***** ENTRIES PROVIDED *****

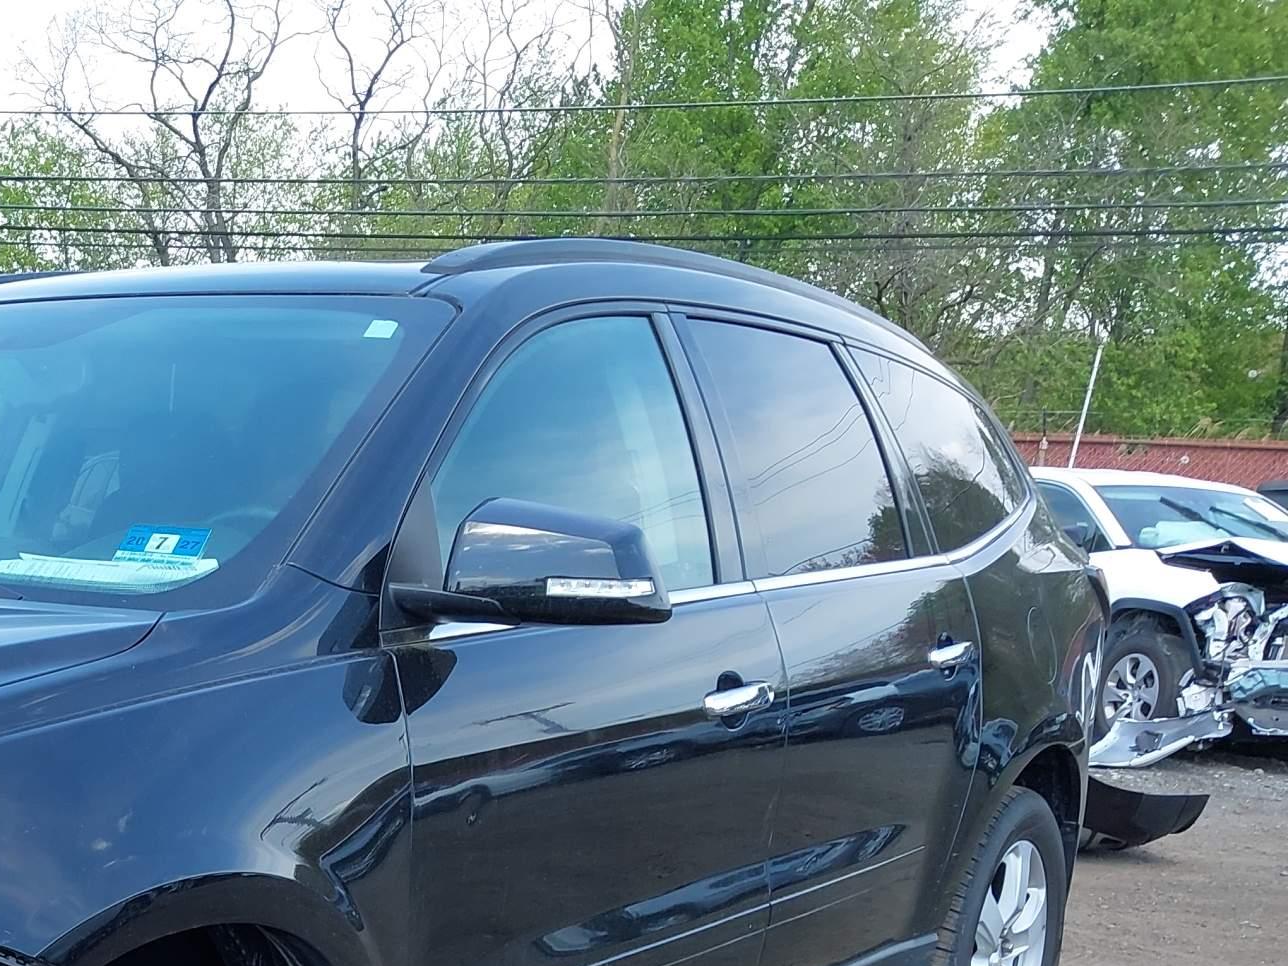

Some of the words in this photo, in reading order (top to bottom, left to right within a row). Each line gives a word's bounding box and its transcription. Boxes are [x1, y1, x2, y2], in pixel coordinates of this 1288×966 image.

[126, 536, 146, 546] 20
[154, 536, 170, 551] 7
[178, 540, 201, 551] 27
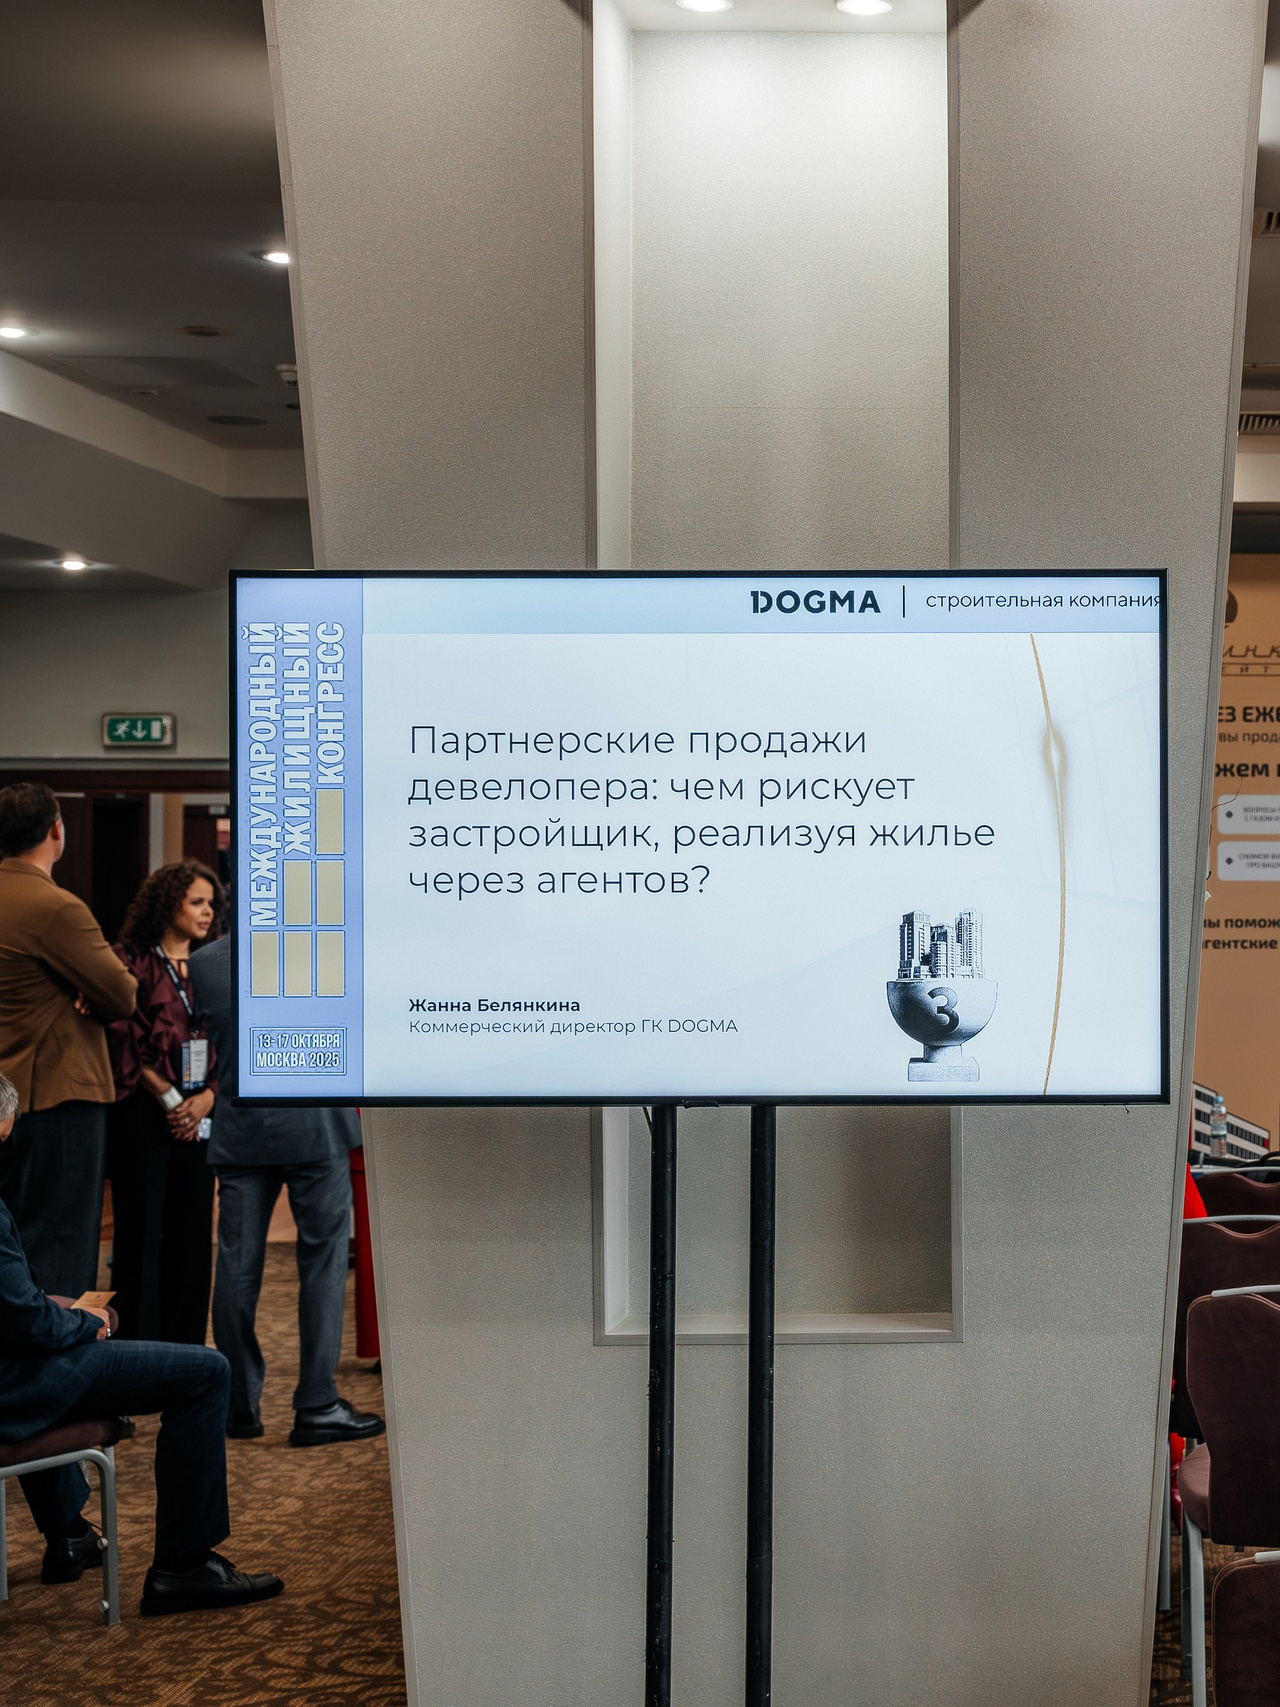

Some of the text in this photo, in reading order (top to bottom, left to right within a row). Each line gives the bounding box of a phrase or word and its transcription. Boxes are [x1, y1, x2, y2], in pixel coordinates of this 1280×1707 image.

*****

WORK REQUIRED:
The preceding entries are to be returned verbatim, with every picture excluded.

TASK OUTPUT:
Some of the words in this photo, in reading order (top to bottom, left to right within a row). Each line gives a word's bounding box and its transcription. Boxes are [x1, y1, x2, y2], in pixel coordinates of this 1288×966 image.

[126, 536, 146, 546] 20
[154, 536, 170, 551] 7
[178, 540, 201, 551] 27

Some of the text in this photo, in reading order (top to bottom, left to right within a row). Each line gives the bounding box of a phrase or word and its transcription. Boxes are [x1, y1, x2, y2], in pixel coordinates of this 1280×1707 image.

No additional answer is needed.